To some, Tai Shan may just be the cute and cuddly panda that makes crowds “ooohhh” and “awwww” as he bounds around his habitat at the National Zoo. Little did anyone know, Tai Shan had a side job moonlighting as Cupid.

Frances Nguyen laughs lightly after a brief sigh. She fights back emotions as she reflects on what’s taken place in her life over the past few years—first, a husband and, now, a baby on the way. In a way, she owes both to Tai Shan.

Before Tai Shan, Nguyen had no real interest in pandas. It wasn’t until she viewed the lovable guy on his Web cam—courtesy of the zoo—and noticed his human-like behavior that she became intrigued. So intrigued that she eventually founded Pandas Unlimited, a fan club that raises awareness on panda conservation. Most of its members were single women—love through a chance encounter with a fellow panda enthusiast was the last thing on Nguyen’s mind.

Foo Cheung had joined Pandas Unlimited out of his love for photographing the quiet bears. He was shy and made only a few comments on Nguyen’s postings to the group. Its members met regularly at the zoo, and while everyone else was under Tai Shan’s spell, Cheung opted to photograph Tai Shan’s mom.

“I thought that was a bit odd, that he would only photograph the mama,” chuckles Nguyen.”But when I think about it, I think he was just captured by the beauty of the nature of the mama panda.”

Over time, she and Cheung became friends. After a year, they became a couple. They were married on Sept. 19, 2009. With the exception of a panda cake topper, the wedding was panda-free, instead focusing on Cheung’s Chinese and Nguyen’s Vietnamese heritages.

And now Tai Shan’s getting ready to leave. “There’s like this empty space.
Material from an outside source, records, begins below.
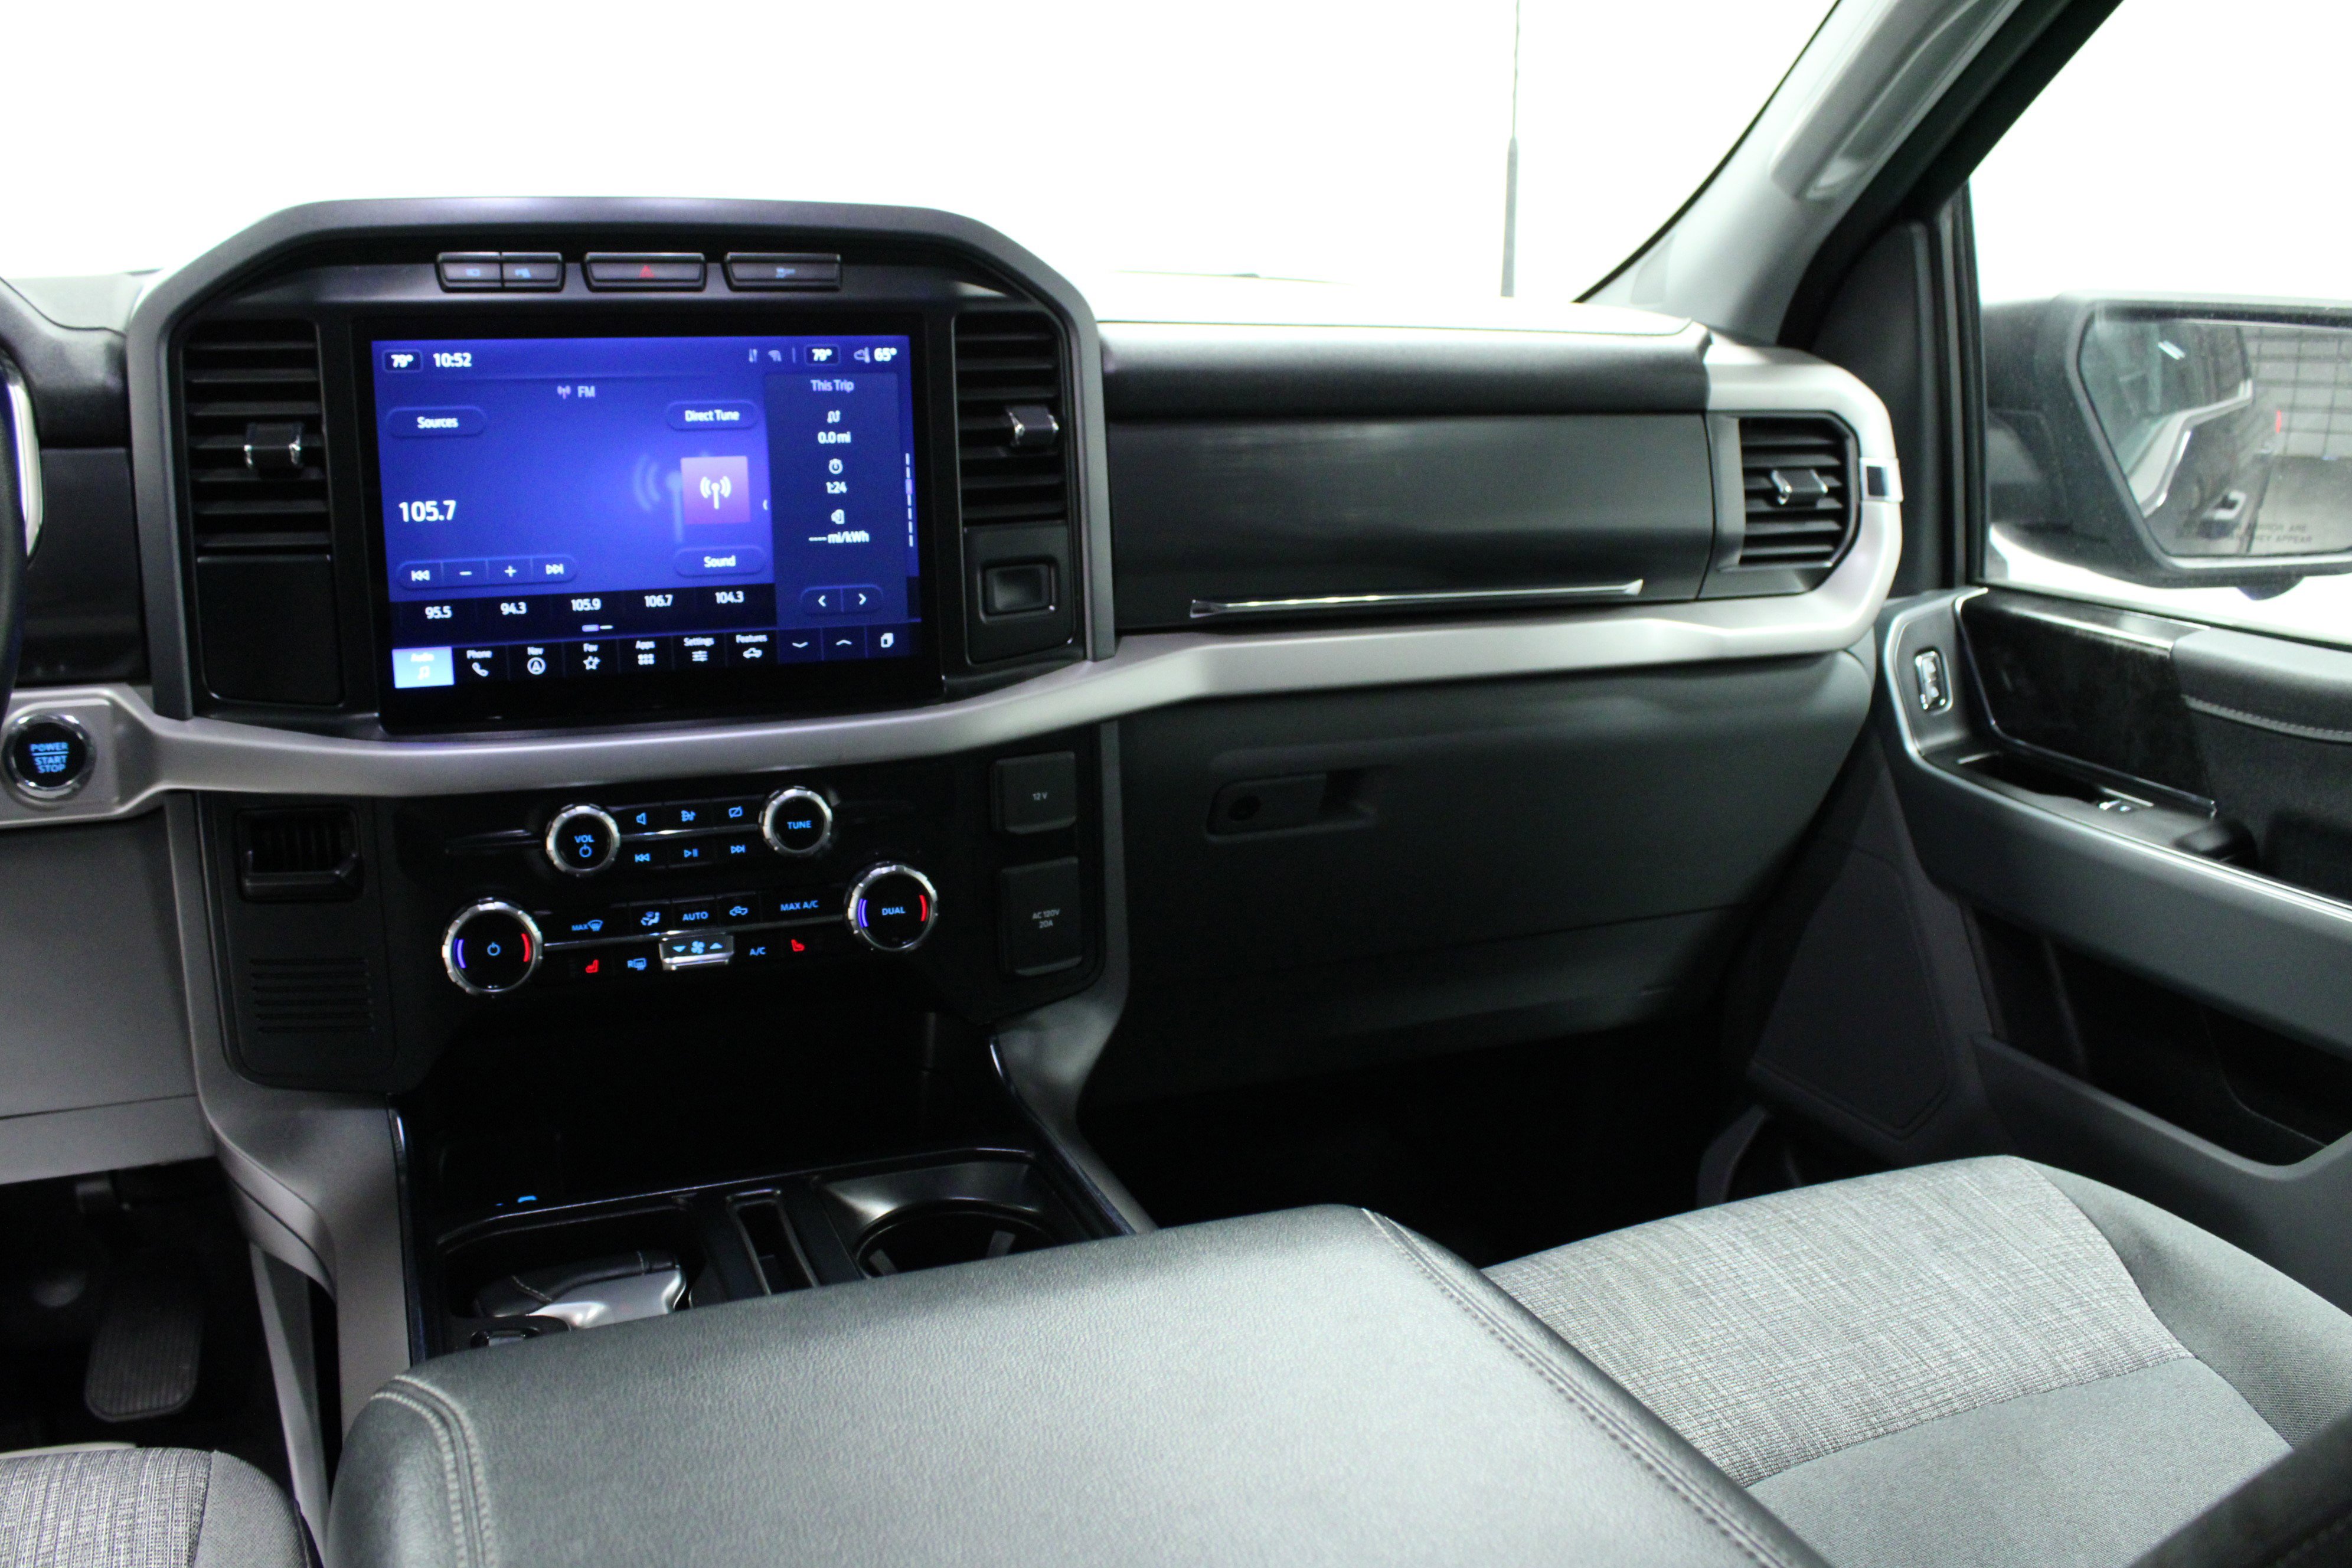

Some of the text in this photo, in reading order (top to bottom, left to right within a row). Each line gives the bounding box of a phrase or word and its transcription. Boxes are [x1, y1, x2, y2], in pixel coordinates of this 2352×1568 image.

[433, 352, 472, 368] 10:52
[578, 386, 596, 398] FM
[811, 380, 855, 393] This Trip
[685, 410, 740, 422] Direct Tune
[417, 415, 459, 430] Sources
[826, 482, 848, 494] 1:24
[398, 500, 456, 522] 105.7
[704, 556, 736, 568] Sound
[425, 591, 744, 619] 95.5 94.3 105.9 106.7 104.3
[466, 649, 492, 659] Phone
[527, 647, 544, 656] Nav
[583, 642, 599, 652] Fav
[635, 640, 655, 650] Apps
[684, 636, 714, 647] Settings
[735, 634, 768, 643] Features
[31, 742, 69, 752] POWER
[34, 755, 68, 765] START
[38, 764, 67, 773] STOP
[787, 821, 812, 829] TUNE
[574, 835, 594, 844] VOL
[780, 900, 819, 912] MAX A/C
[881, 907, 906, 916] DUAL
[682, 912, 708, 922] AUTO
[749, 947, 766, 956] A/C
I’m going, ‘What do I do with my weekends now?’ as my husband and I were still going to the zoo almost every weekend to see the pandas,” says Nguyen.

While Nguyen has been getting all emotional about Tai Shan’s departure, her husband, a scientist, seems to be focusing more on the DNA of the matter. Tai Shan is headed to China to enter a breeding program.

“My husband reminds me that this is for the better, for the panda gene pool,” says Nguyen.

While some members of Pandas Unlimited are making plans to visit Tai Shan in China, Nguyen will have to make plans after her baby is born. The group was raising money to “adopt” has already “adopted” Tai Shan through Pandas International, a non-profit that looks after the preservation of pandas, but Nguyen says a Chinese company beat them to it.

Tai Shan’s final hours in the nation’s capital are winding down—today’s the last day to see him. Nguyen has been at least twice in recent days, including Saturday, the day of his farewell party. “I feel like Tai Shan was a gift,” says Nguyen. “Now I’m sharing my angel.”